With some success, I've been using the
UKB_UNCONFOUND_v2 pipeline, but instead of installing the crucial
bb_pipeline_v_2.0 myself, I have been using the installed version on Rescomp.
This has worked fine until it came to run
gen_STRUCTMOTION/script_predict.py which failed with the error
Traceback (most recent call last): File "./script_predict.py", line 35, in <module> final_model = pickle.load(open('MODEL/model.p','rb')) File "/gpfs2/well/win/projects/ukbiobank/fbp/bb_pipeline_v_2.0/bb_python/bb_python/lib/python3.5/site-packages/sklearn/grid_search.py", line 24, in <module> from .cross_validation import check_cv File "/gpfs2/well/win/projects/ukbiobank/fbp/bb_pipeline_v_2.0/bb_python/bb_python/lib/python3.5/site-packages/sklearn/cross_validation.py", line 32, in <module> from .metrics.scorer import check_scoring File "/gpfs2/well/win/projects/ukbiobank/fbp/bb_pipeline_v_2.0/bb_python/bb_python/lib/python3.5/site-packages/sklearn/metrics/__init__.py", line 7, in <module> from .ranking import auc File "/gpfs2/well/win/projects/ukbiobank/fbp/bb_pipeline_v_2.0/bb_python/bb_python/lib/python3.5/site-packages/sklearn/metrics/ranking.py", line 32, in <module> from ..utils.stats import rankdata File "/gpfs2/well/win/projects/ukbiobank/fbp/bb_pipeline_v_2.0/bb_python/bb_python/lib/python3.5/site-packages/sklearn/utils/stats.py", line 2, in <module> from scipy.stats import rankdata as _sp_rankdata File "/gpfs2/well/win/projects/ukbiobank/fbp/bb_pipeline_v_2.0/bb_python/bb_python/lib/python3.5/site-packages/scipy/stats/__init__.py", line 344, in <module> from .stats import * File "/gpfs2/well/win/projects/ukbiobank/fbp/bb_pipeline_v_2.0/bb_python/bb_python/lib/python3.5/site-packages/scipy/stats/stats.py", line 176, in <module> from . import distributions, mstats_basic, _stats File "/gpfs2/well/win/projects/ukbiobank/fbp/bb_pipeline_v_2.0/bb_python/bb_python/lib/python3.5/site-packages/scipy/stats/distributions.py", line 13, in <module> from . import _continuous_distns File "/gpfs2/well/win/projects/ukbiobank/fbp/bb_pipeline_v_2.0/bb_python/bb_python/lib/python3.5/site-packages/scipy/stats/_continuous_distns.py", line 17, in <module> from scipy._lib._numpy_compat import broadcast_to File "/gpfs2/well/win/projects/ukbiobank/fbp/bb_pipeline_v_2.0/bb_python/bb_python/lib/python3.5/site-packages/scipy/_lib/_numpy_compat.py", line 10, in <module> from numpy.testing.nosetester import import_nose ImportError: No module named 'numpy.testing.nosetester'
which seems to be an error replicated in this stack exchange posting, identified as a 3-way conflict with particular versions of
Notably, there is a difference in the versions specified in
bb_pipeline_v_2.0/initvars on the repo and on rescomp.
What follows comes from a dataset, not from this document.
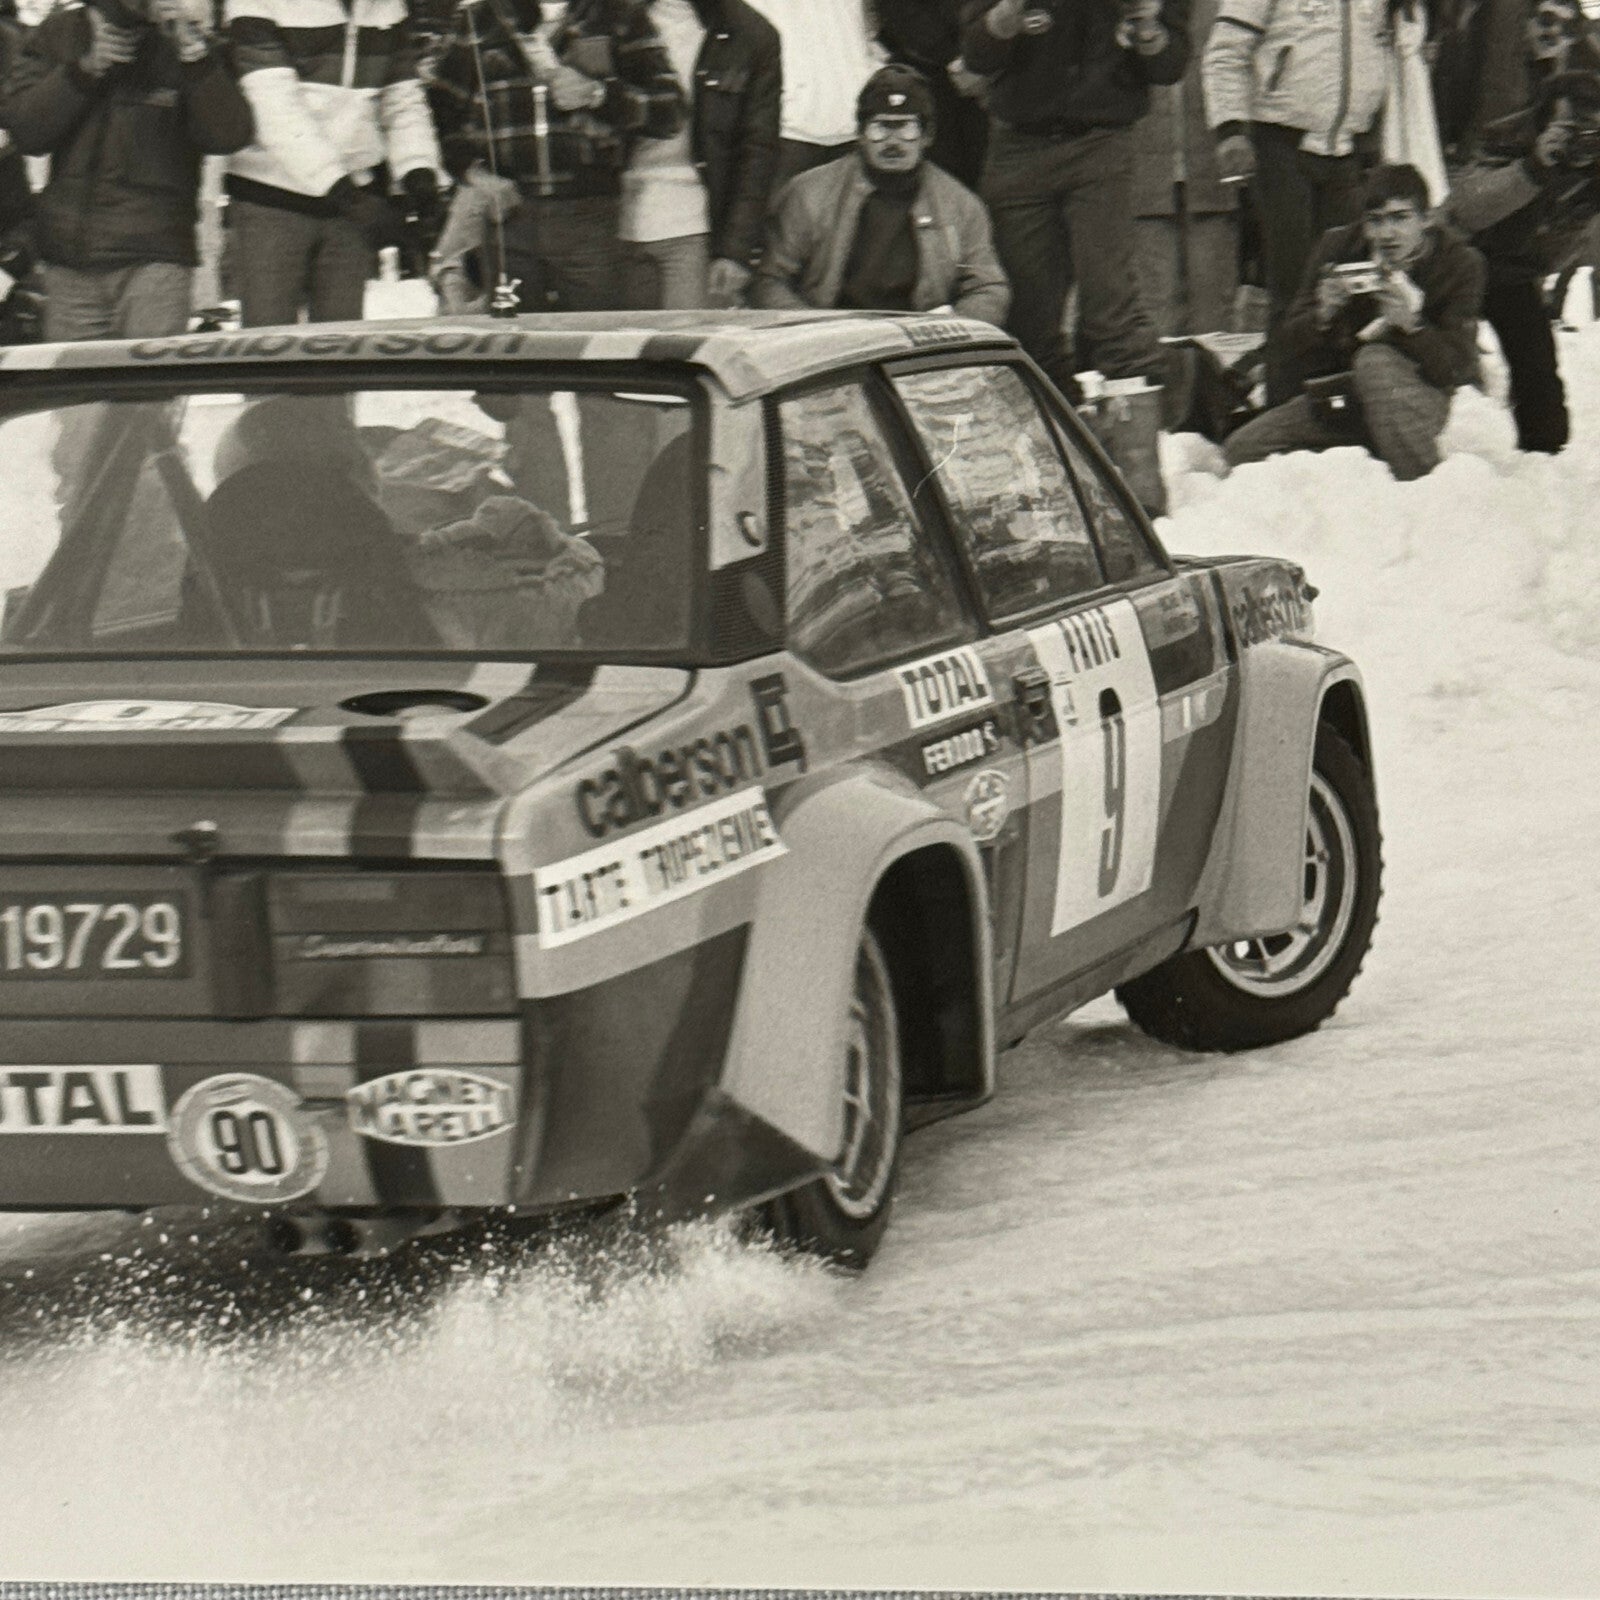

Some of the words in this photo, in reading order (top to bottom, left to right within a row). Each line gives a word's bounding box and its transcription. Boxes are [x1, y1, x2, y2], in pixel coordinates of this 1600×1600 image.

On the
bb_pipeline_v_2.0 repo bb_python/python_installation/install_bb_python.sh only installs 10 packages, while the same
install_bb_python.sh file on Rescomp installs 62 packages. While both have
sklearn pinned versions that shouldn't create this problem, subsequent installs must bring up the version.
numpy repo pin: 1.11.1 numpy repo version after all installs: 1.12.0 numpy Rescomp pin: 1.12.0 numpy Rescomp version after all installs: 1.18.1
For scipy and scikit-learn, repo and rescomp versions are the same, and the pinned and final install also the same (0.18.0 and 0.17.1, respectively).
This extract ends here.